Top of Listed records

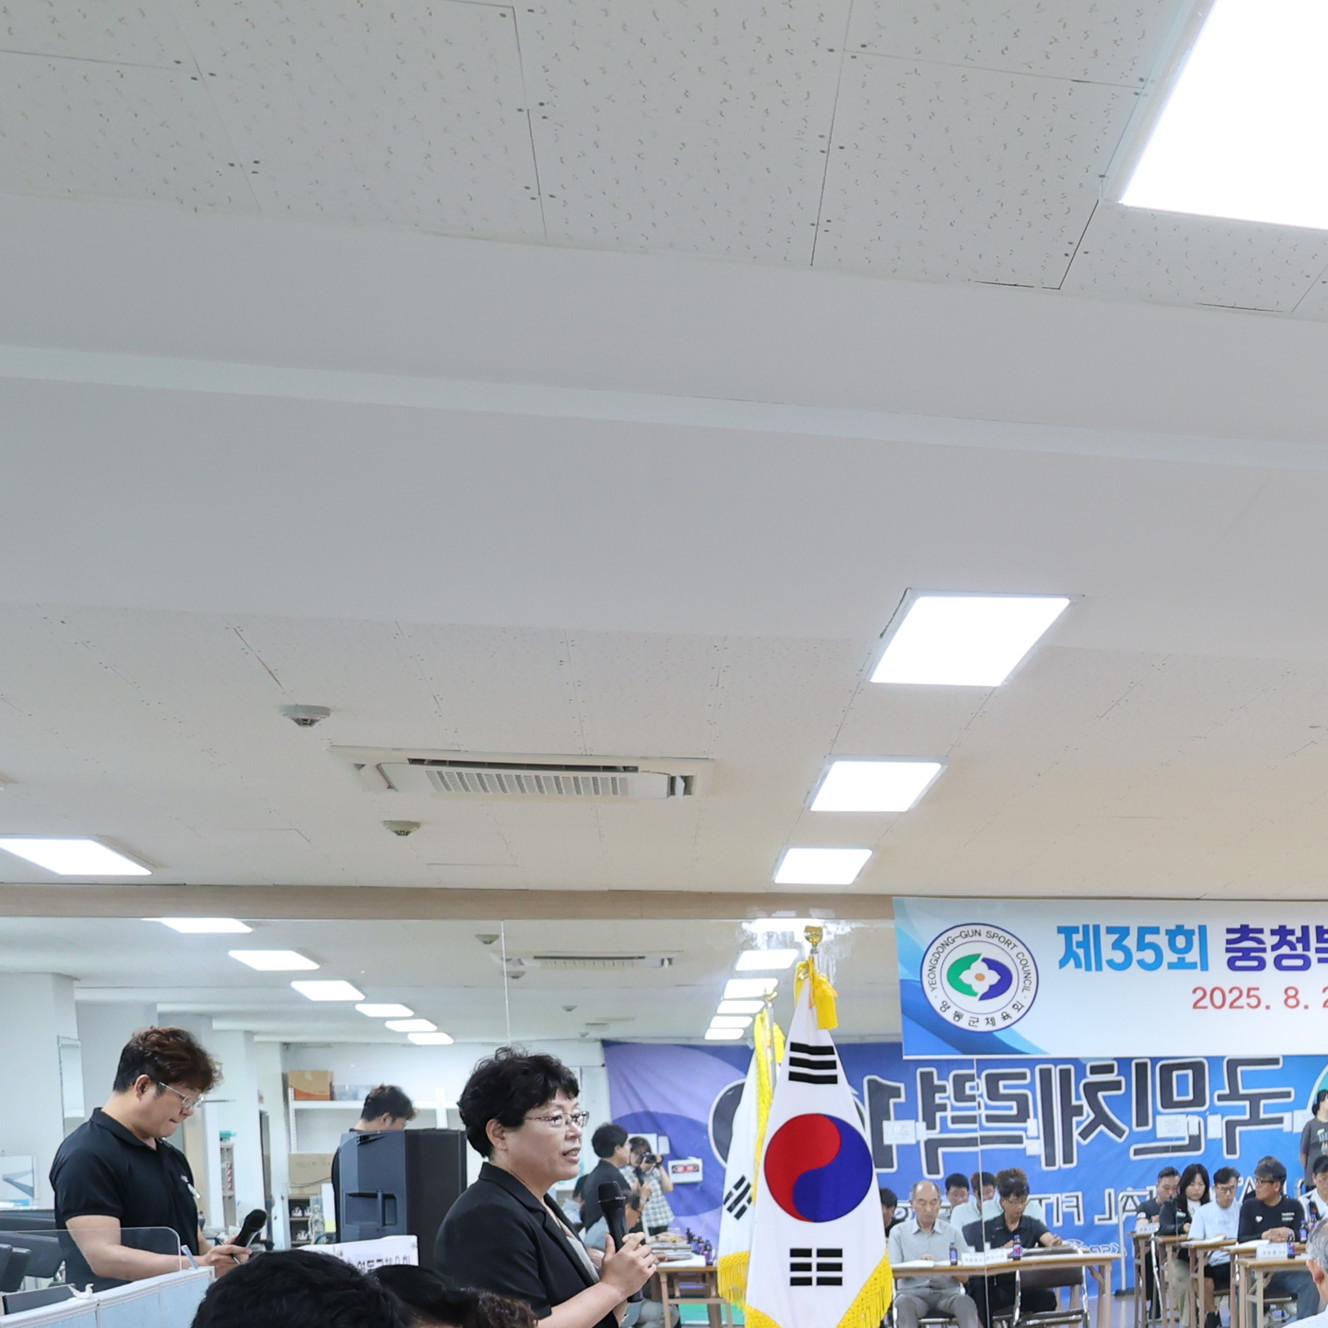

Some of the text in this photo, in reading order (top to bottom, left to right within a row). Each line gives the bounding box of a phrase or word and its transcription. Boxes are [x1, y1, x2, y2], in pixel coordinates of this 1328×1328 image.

[927, 929, 1033, 993] YEONGDONG-GUN SPORT COUNCIL
[1056, 924, 1209, 971] 제35회
[1191, 986, 1271, 1010] 2025.
[1283, 986, 1309, 1010] 8.

Bottom of Listed records

* Exercise details *
Set down the whole listing exactly as given, except for the pictures.

* Answer area *
Some of the text in this photo, in reading order (top to bottom, left to right within a row). Each line gives the bounding box of a phrase or word and its transcription. Boxes are [x1, y1, x2, y2], in pixel coordinates of this 1328×1328 image.

[927, 929, 1033, 993] YEONGDONG-GUN SPORT COUNCIL
[1056, 924, 1209, 971] 제35회
[1191, 986, 1271, 1010] 2025.
[1283, 986, 1309, 1010] 8.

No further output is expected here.